In case of some errors, you have several points to check what’s going on. First of all, you can check System’s logs on Windows (Event Viewer -> Windows Logs -> Application).

The Protectimus On-Premise Platform logs could be found in the PLATFORM_DIR and TOMCAT_HOME/logs directories (for example C:\Windows\Temp\Protectimus.log).

Also, visit the Events page in the Protectimus Platform and you will see related information.

8. Uninstalling

If there is no access to your Windows user account, you can disable the Protectimus Winlogon app in Safe Mode.

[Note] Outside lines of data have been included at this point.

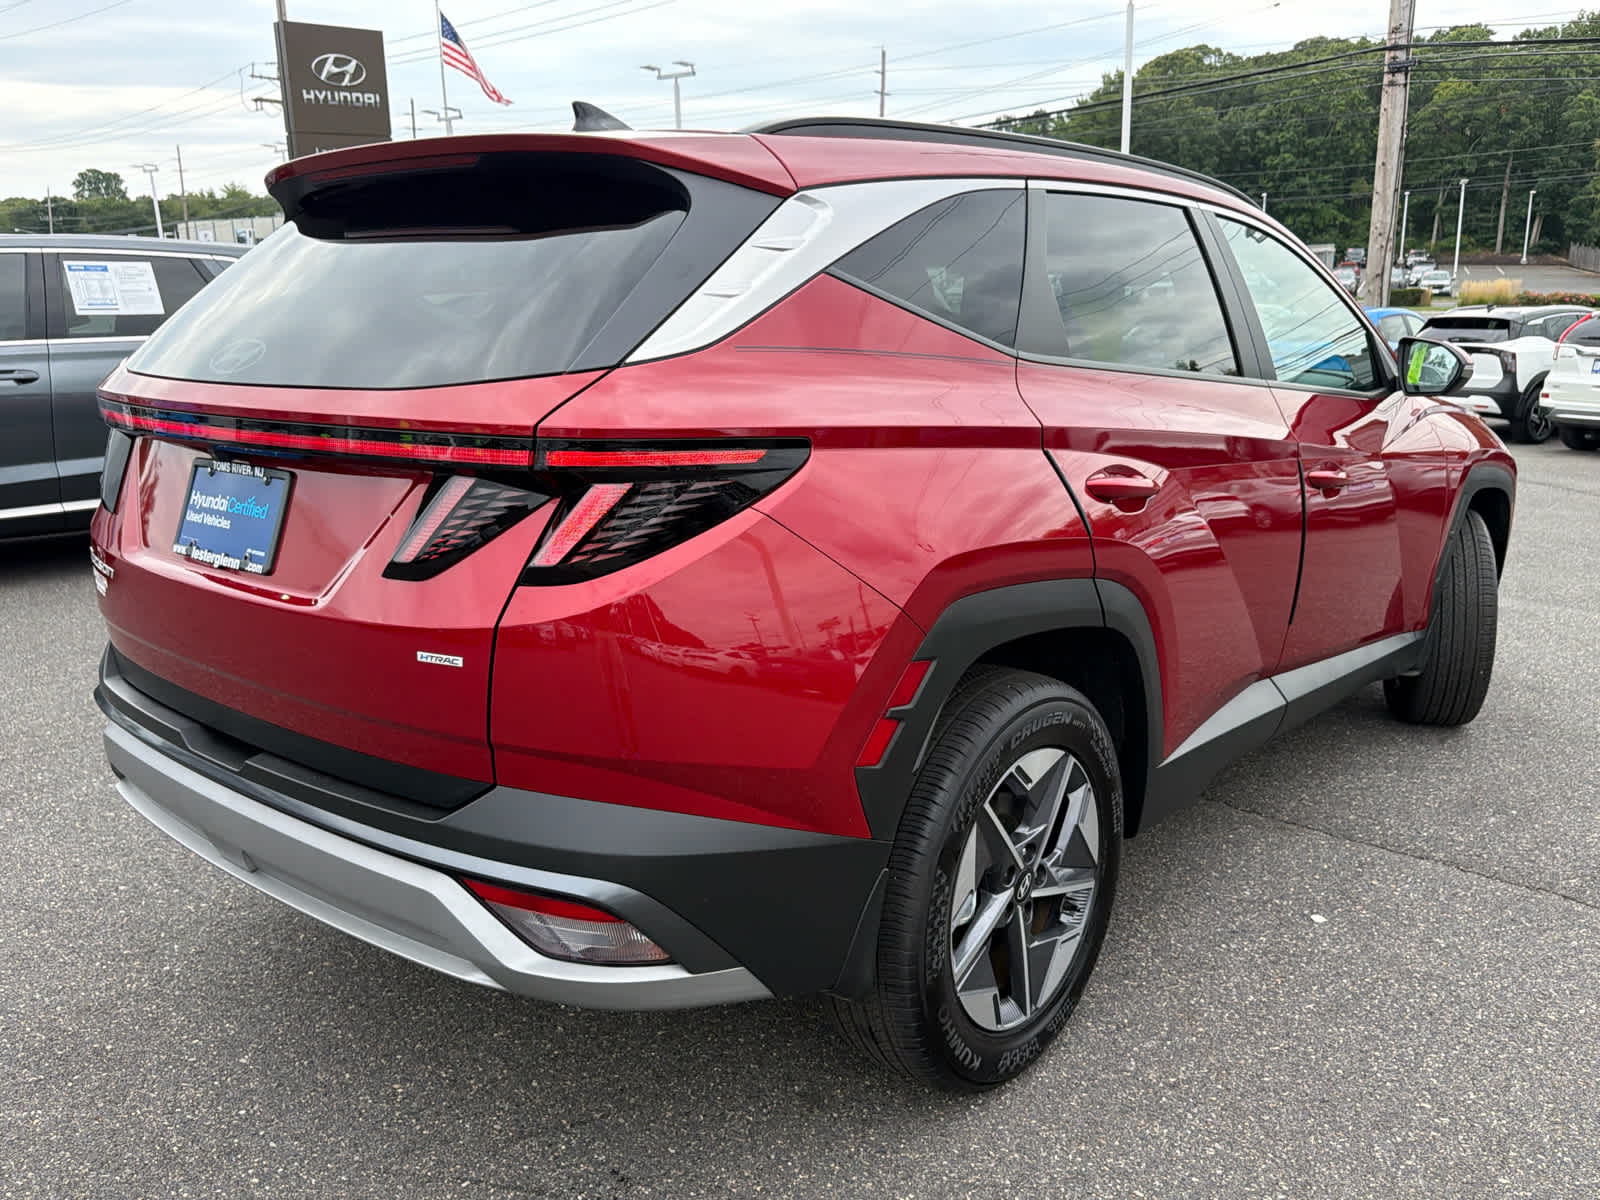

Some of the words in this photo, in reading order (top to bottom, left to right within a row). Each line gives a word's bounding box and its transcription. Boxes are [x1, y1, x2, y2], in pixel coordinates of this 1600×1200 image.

[302, 88, 380, 109] HYUNDAI
[213, 460, 231, 473] TOMS
[254, 466, 265, 478] NJ
[185, 510, 204, 524] Used
[203, 513, 231, 529] Vehicles
[191, 546, 240, 570] lesterglenn
[419, 653, 461, 666] HTRAC
[1010, 711, 1073, 750] CRUGEN
[937, 1004, 983, 1072] KUMHO

1. Go to the Windows Uninstall or Change a Program menu, find the program Protectimus Winlogon and click Uninstall.
2. Start uninstallation setup window will be opened for the domain installation. Use the same approach as the Perform remote installation in the domain option during the installation process to uninstall the component. This is an optional step, you can close the window to uninstall the component using GPO or only on the current machine.
   
   
3. After closing the previous window the Complete/Keep Uninstall window will be opened, where you have 2 options:
   • The first checkbox will create a GPO for the automatic uninstalling of this software on all other machines in the domain.
   • The second one will keep the component on the current computer for further uninstallation purposes.
   
   

ATTENTION!

When you create GPO to uninstall Protectimus Winlogon & RDP on all the machines in your domain, delete this GPO manually when you finish uninstalling the software.

If you don’t delete the uninstall GPO manually, it can lead to some troubles when you install the Protectimus Winlogon & RDP component again. In this case, the software may not be installed/removed automatically on Windows machines in the domain.